**What the task asks**: Each entry has to be given again in its exact wording, and no picture may appear in the result.

_____

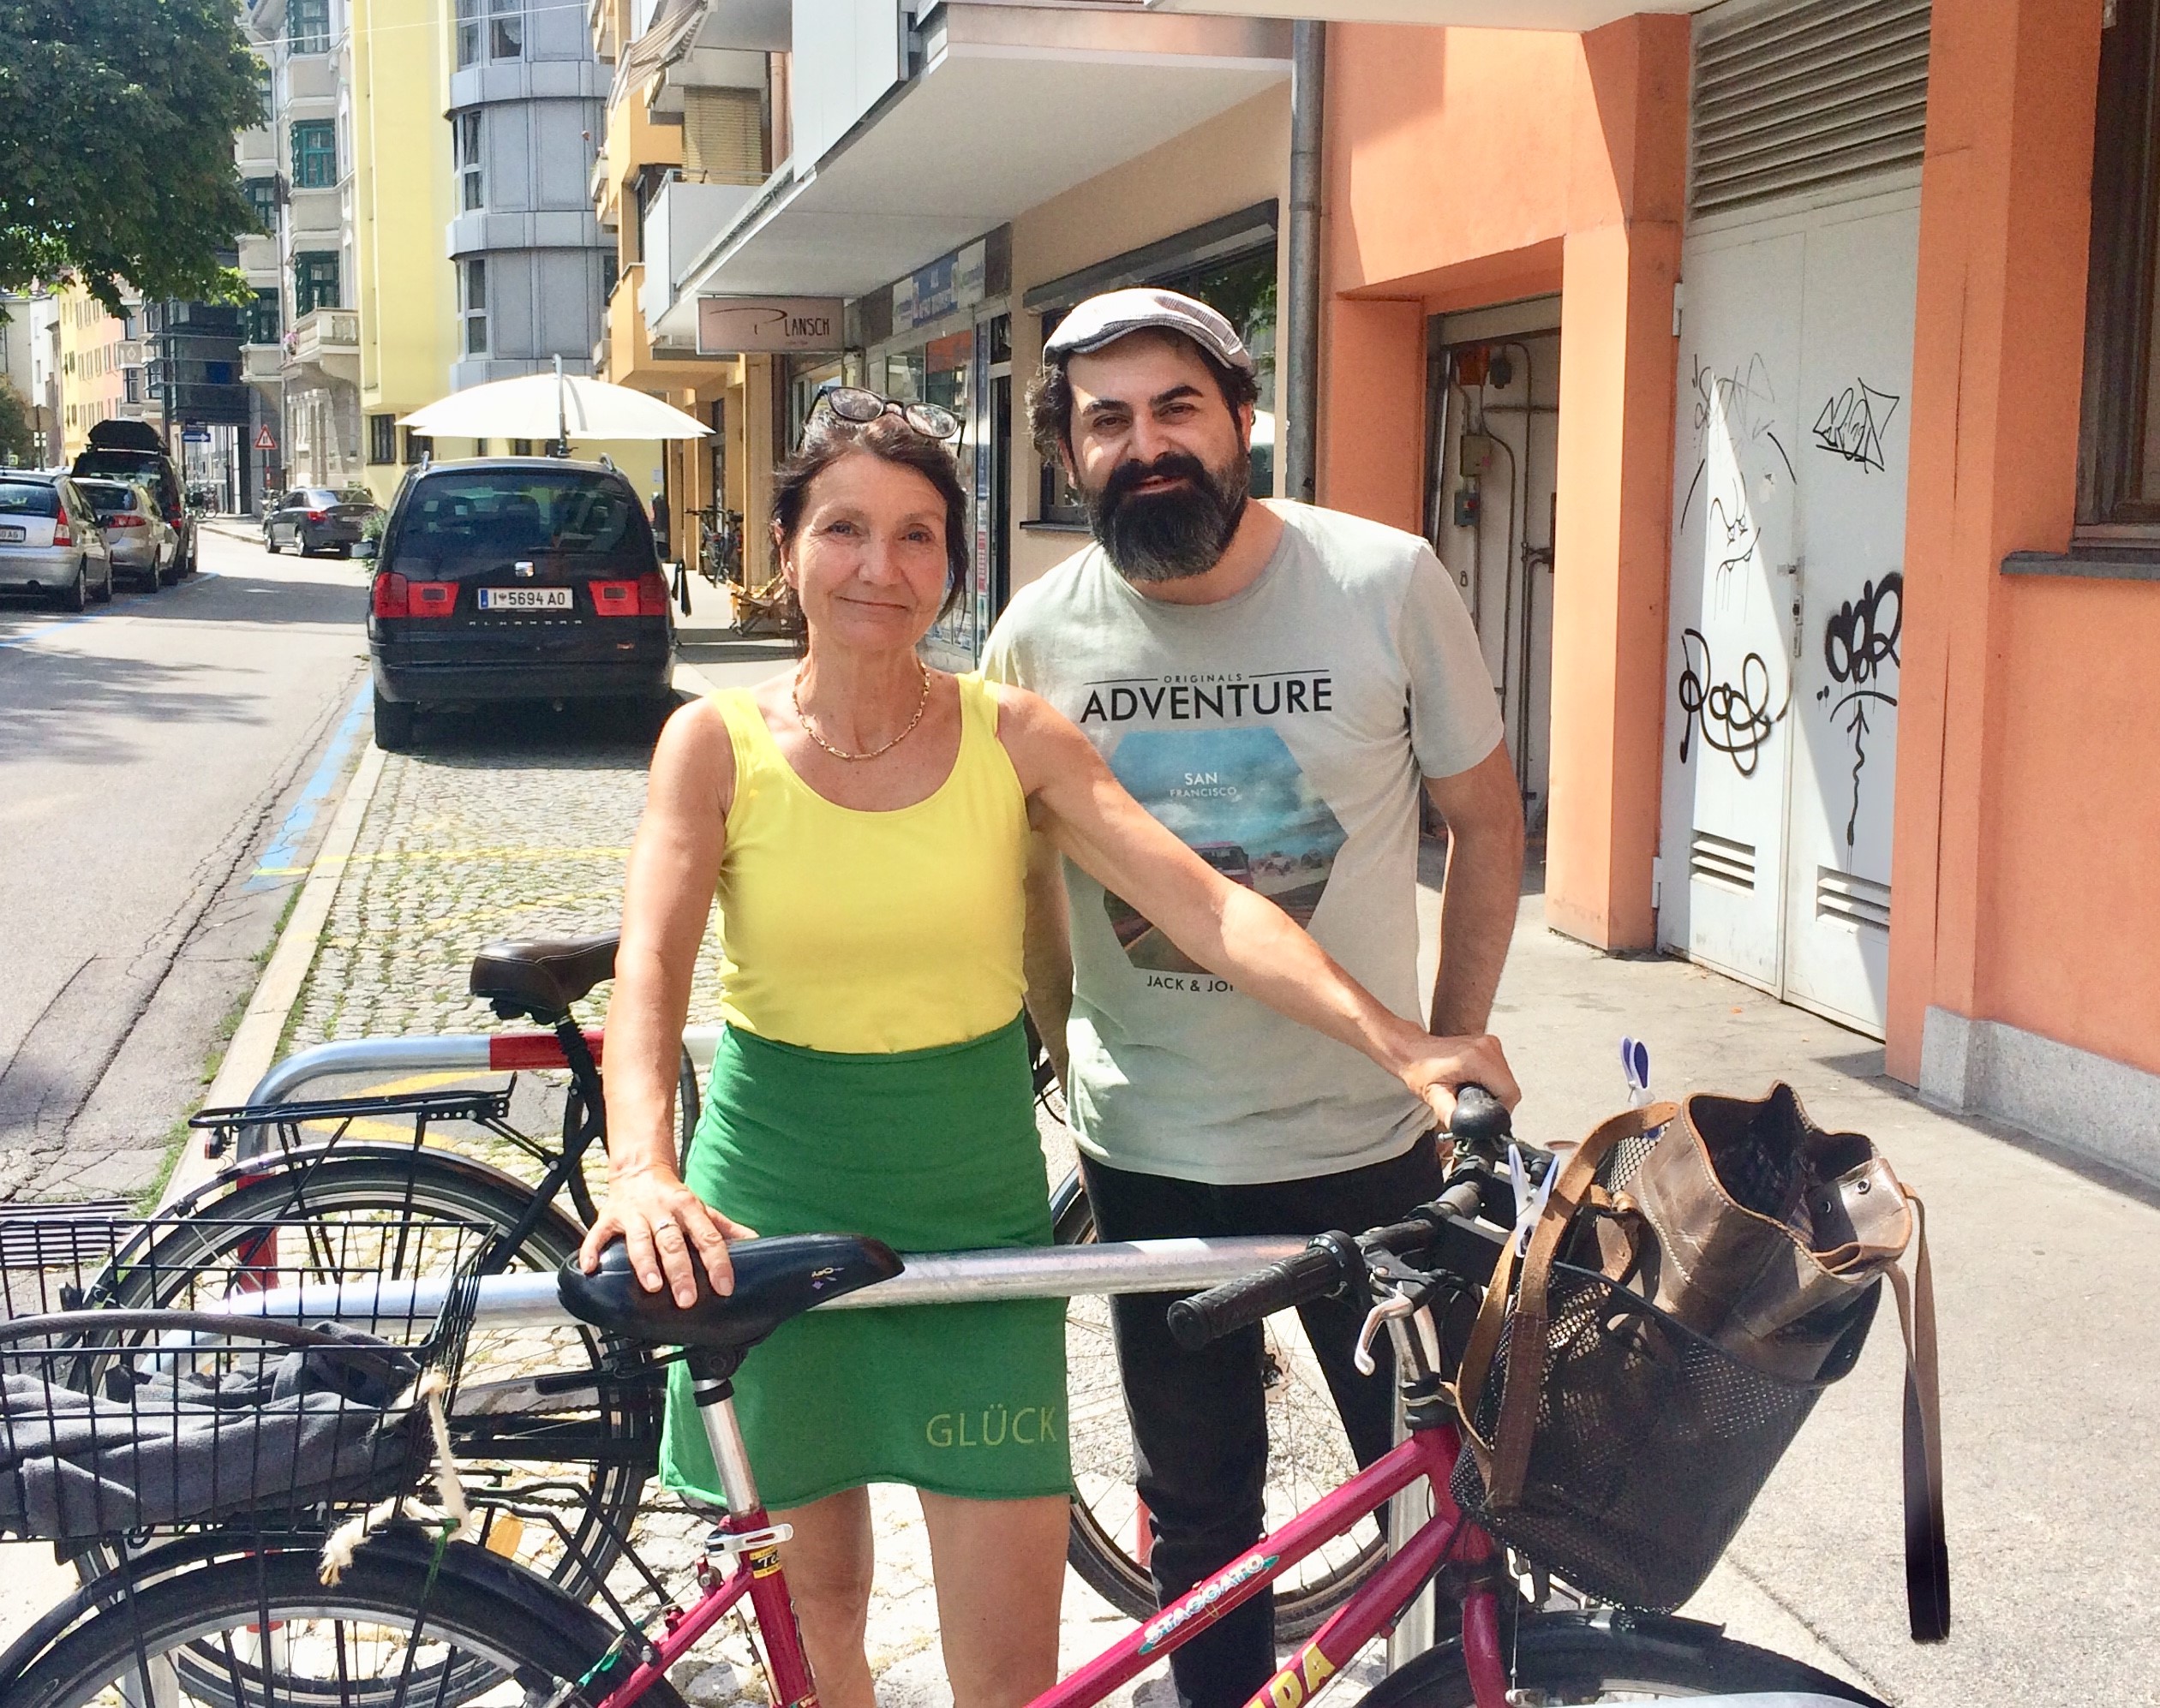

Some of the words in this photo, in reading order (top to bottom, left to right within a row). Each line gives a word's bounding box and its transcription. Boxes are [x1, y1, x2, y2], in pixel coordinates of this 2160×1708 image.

[508, 592, 543, 606] 5694
[1164, 672, 1243, 684] ORIGINALS
[1080, 678, 1333, 723] ADVENTURE
[1184, 772, 1218, 785] SAN
[1169, 786, 1237, 797] FRANCISCO
[1146, 975, 1184, 991] JACK
[1189, 979, 1200, 992] &
[926, 1403, 1057, 1448] GLÜCK

_____

**Result for this task**:
Some of the words in this photo, in reading order (top to bottom, left to right within a row). Each line gives a word's bounding box and its transcription. Boxes are [x1, y1, x2, y2], in pixel coordinates of this 2160×1708 image.

[508, 592, 543, 606] 5694
[1164, 672, 1243, 684] ORIGINALS
[1080, 678, 1333, 723] ADVENTURE
[1184, 772, 1218, 785] SAN
[1169, 786, 1237, 797] FRANCISCO
[1146, 975, 1184, 991] JACK
[1189, 979, 1200, 992] &
[926, 1403, 1057, 1448] GLÜCK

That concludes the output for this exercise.